Kreuzberg vs PyMuPDF vs pdfplumber: Which PDF Parser Should You Use?
A head-to-head comparison of Kreuzberg, PyMuPDF, and pdfplumber for Python PDF parsing. Benchmarks, architecture differences, and code examples to help you pick the right tool.
Last week a coworker asked me which Python PDF parser to use and I answered with a question: "What's in the PDF?"

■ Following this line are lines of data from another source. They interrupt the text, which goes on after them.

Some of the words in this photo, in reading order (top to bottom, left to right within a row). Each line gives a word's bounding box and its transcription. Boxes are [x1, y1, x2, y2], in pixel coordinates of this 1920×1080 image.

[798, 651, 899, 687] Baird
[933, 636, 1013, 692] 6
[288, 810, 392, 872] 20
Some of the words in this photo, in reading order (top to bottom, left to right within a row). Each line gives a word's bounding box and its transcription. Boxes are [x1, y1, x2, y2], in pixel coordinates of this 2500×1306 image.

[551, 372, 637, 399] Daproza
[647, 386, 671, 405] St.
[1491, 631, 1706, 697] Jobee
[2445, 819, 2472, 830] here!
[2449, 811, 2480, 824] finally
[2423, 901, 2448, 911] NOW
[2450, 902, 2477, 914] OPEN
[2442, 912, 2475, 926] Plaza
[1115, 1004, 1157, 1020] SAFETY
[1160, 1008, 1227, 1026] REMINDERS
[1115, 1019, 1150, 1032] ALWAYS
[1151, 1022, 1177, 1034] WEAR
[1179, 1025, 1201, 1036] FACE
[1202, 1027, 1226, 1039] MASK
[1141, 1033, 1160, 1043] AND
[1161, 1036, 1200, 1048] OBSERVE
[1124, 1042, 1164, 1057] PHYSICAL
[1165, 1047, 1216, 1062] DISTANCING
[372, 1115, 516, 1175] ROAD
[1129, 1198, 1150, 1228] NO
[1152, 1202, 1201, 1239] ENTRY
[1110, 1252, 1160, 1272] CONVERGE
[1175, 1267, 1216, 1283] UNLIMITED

It's not a dodge. These three libraries — Kreuzberg, PyMuPDF, and pdfplumber — make fundamentally different architectural decisions. Picking the wrong one means either rewriting your pipeline in a month or tolerating extraction bugs that poison your data.

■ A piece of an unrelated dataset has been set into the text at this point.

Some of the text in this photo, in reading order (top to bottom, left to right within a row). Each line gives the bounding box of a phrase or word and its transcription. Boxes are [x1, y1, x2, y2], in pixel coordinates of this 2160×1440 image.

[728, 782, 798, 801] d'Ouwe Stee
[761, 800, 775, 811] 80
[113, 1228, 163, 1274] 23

I ran all three against the same set of PDFs and measured speed, accuracy, and developer experience. Here's what I found.
Architecture: Rust FFI vs C binding vs pure Python
Understanding what's under the hood matters because it predicts where each library will break.
PyMuPDF wraps the MuPDF C library via SWIG bindings. MuPDF is maintained by Artifex (the Ghostscript people) and handles rendering, text extraction, and annotation in C. When you call page.get_text(), you're calling into compiled C code that walks the PDF's content stream directly. The Python layer is thin — mostly marshalling data between Python objects and C structs.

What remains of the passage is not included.